(Data entries)
_____

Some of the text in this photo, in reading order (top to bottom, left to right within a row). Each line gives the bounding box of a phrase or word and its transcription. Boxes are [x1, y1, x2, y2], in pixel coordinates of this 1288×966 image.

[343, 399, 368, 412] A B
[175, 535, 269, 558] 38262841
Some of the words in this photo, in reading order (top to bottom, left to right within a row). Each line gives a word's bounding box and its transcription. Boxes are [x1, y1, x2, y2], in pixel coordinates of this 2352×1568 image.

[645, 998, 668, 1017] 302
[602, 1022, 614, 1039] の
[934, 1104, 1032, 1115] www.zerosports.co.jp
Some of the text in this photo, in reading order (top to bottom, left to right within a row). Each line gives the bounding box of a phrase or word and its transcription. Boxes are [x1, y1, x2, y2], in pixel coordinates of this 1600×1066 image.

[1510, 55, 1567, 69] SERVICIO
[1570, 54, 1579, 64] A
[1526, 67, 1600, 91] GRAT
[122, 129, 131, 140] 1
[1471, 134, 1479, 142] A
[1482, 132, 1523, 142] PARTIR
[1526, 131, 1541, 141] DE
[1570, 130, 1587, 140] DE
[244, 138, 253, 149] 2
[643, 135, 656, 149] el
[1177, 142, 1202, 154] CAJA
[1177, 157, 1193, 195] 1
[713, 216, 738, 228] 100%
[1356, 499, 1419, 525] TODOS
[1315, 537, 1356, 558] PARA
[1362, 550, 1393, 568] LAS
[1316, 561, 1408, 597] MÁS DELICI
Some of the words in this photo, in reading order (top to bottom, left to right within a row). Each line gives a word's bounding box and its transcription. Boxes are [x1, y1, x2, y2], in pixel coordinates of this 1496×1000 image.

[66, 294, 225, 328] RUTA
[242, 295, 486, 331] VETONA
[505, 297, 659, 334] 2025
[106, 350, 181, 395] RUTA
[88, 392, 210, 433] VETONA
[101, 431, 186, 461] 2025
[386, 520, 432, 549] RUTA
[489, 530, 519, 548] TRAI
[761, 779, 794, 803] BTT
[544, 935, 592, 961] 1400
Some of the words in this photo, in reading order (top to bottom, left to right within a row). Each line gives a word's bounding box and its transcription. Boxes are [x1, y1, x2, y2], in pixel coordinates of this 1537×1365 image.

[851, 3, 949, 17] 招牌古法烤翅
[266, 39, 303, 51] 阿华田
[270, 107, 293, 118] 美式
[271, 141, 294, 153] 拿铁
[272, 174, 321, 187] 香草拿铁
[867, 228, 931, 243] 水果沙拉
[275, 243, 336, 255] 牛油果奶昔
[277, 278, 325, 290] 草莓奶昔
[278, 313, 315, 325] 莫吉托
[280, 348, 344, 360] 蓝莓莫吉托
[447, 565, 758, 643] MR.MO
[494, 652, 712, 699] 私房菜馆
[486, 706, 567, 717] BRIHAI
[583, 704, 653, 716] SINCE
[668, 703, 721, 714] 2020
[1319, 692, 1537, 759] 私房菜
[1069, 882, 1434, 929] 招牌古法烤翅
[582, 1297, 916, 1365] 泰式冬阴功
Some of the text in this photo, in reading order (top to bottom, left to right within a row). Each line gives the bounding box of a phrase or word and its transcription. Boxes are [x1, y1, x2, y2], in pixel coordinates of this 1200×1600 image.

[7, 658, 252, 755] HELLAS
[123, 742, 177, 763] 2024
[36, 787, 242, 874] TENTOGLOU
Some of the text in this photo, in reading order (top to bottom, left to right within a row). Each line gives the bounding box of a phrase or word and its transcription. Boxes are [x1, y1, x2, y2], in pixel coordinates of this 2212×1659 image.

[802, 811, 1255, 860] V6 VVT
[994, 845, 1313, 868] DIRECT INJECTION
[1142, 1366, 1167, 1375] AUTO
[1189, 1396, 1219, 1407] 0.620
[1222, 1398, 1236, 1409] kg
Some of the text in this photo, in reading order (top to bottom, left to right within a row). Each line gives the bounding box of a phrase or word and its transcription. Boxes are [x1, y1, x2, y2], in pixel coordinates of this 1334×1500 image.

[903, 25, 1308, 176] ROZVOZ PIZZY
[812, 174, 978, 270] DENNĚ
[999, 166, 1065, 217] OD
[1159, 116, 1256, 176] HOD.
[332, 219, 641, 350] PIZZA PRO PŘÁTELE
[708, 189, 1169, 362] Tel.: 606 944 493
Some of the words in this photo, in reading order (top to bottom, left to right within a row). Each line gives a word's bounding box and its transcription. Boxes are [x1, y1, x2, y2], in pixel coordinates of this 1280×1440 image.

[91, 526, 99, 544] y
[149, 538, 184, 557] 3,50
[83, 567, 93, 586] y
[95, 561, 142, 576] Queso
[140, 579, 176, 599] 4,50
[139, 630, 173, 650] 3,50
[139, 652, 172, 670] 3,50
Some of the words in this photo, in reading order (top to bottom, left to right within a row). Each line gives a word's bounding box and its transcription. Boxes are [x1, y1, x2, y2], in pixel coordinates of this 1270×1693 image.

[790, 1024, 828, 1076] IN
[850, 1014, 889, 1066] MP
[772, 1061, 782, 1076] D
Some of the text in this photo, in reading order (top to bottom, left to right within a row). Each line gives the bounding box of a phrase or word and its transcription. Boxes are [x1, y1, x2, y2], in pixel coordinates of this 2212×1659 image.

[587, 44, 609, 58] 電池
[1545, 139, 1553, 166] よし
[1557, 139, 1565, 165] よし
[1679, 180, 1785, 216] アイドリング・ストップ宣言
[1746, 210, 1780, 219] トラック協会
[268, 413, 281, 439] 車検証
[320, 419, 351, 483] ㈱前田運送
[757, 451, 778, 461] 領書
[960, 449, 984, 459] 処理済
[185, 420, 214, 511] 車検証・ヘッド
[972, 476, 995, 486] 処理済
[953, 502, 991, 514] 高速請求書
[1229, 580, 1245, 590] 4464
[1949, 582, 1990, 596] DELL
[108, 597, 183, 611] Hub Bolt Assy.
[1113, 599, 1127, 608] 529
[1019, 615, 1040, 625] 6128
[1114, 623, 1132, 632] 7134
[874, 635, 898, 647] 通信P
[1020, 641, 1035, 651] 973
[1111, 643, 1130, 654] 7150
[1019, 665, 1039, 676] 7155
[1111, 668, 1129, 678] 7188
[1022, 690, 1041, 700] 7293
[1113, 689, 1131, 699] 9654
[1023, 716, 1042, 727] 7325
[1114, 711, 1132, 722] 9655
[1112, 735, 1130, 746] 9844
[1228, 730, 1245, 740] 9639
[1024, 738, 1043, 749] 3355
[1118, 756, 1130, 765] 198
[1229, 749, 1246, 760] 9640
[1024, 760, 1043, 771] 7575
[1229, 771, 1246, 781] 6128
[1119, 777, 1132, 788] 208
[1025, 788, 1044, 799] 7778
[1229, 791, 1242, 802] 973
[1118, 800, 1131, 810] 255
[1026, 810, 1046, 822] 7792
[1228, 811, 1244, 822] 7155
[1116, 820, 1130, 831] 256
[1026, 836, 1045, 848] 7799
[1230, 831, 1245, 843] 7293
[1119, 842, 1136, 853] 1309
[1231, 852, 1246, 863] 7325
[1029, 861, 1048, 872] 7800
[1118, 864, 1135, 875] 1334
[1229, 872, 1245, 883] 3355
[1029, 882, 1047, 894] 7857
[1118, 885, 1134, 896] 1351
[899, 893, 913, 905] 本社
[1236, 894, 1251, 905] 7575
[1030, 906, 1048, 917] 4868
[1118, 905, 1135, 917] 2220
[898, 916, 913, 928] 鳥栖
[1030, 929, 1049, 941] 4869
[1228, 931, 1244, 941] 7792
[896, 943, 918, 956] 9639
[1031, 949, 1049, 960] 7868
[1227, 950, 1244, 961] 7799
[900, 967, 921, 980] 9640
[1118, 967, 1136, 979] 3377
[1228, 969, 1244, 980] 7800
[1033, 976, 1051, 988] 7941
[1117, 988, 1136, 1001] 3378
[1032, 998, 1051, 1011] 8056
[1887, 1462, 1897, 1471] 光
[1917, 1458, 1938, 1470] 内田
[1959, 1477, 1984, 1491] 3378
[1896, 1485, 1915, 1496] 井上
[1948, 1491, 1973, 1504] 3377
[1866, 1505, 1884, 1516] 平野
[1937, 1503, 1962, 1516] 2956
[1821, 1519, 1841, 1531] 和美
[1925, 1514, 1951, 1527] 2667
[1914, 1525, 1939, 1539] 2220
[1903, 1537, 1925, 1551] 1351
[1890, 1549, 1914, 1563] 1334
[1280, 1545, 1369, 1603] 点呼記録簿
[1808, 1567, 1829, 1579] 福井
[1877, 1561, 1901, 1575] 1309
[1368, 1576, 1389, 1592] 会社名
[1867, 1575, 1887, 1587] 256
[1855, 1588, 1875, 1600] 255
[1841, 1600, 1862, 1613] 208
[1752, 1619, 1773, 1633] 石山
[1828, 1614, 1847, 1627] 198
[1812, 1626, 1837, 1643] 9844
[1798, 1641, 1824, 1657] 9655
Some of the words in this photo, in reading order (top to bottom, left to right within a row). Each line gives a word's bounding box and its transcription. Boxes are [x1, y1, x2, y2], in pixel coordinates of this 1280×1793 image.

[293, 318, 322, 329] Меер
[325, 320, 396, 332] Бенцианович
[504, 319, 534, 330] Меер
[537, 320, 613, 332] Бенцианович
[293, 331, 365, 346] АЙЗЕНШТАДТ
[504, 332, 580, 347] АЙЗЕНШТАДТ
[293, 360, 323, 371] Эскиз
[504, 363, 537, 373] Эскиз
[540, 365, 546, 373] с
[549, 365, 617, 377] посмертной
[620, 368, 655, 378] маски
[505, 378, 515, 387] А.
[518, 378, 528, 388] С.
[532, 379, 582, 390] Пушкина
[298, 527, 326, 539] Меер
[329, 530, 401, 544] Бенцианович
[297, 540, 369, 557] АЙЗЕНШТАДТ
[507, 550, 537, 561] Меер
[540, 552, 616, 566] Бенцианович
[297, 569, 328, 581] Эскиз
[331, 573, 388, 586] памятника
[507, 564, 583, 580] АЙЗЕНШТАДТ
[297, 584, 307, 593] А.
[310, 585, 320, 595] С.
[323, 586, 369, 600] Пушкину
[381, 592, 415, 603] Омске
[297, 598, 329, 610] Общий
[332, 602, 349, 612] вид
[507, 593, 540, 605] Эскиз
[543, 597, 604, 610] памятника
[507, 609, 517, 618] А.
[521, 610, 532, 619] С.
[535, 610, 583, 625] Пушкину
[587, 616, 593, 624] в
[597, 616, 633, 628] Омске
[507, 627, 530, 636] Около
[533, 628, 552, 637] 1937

_____

## Problem requirements
Write out, word for word, the line containing "this 1280×1793 image." and every line after it to the end of the data above.

## Answer box
Some of the words in this photo, in reading order (top to bottom, left to right within a row). Each line gives a word's bounding box and its transcription. Boxes are [x1, y1, x2, y2], in pixel coordinates of this 1280×1793 image.

[293, 318, 322, 329] Меер
[325, 320, 396, 332] Бенцианович
[504, 319, 534, 330] Меер
[537, 320, 613, 332] Бенцианович
[293, 331, 365, 346] АЙЗЕНШТАДТ
[504, 332, 580, 347] АЙЗЕНШТАДТ
[293, 360, 323, 371] Эскиз
[504, 363, 537, 373] Эскиз
[540, 365, 546, 373] с
[549, 365, 617, 377] посмертной
[620, 368, 655, 378] маски
[505, 378, 515, 387] А.
[518, 378, 528, 388] С.
[532, 379, 582, 390] Пушкина
[298, 527, 326, 539] Меер
[329, 530, 401, 544] Бенцианович
[297, 540, 369, 557] АЙЗЕНШТАДТ
[507, 550, 537, 561] Меер
[540, 552, 616, 566] Бенцианович
[297, 569, 328, 581] Эскиз
[331, 573, 388, 586] памятника
[507, 564, 583, 580] АЙЗЕНШТАДТ
[297, 584, 307, 593] А.
[310, 585, 320, 595] С.
[323, 586, 369, 600] Пушкину
[381, 592, 415, 603] Омске
[297, 598, 329, 610] Общий
[332, 602, 349, 612] вид
[507, 593, 540, 605] Эскиз
[543, 597, 604, 610] памятника
[507, 609, 517, 618] А.
[521, 610, 532, 619] С.
[535, 610, 583, 625] Пушкину
[587, 616, 593, 624] в
[597, 616, 633, 628] Омске
[507, 627, 530, 636] Около
[533, 628, 552, 637] 1937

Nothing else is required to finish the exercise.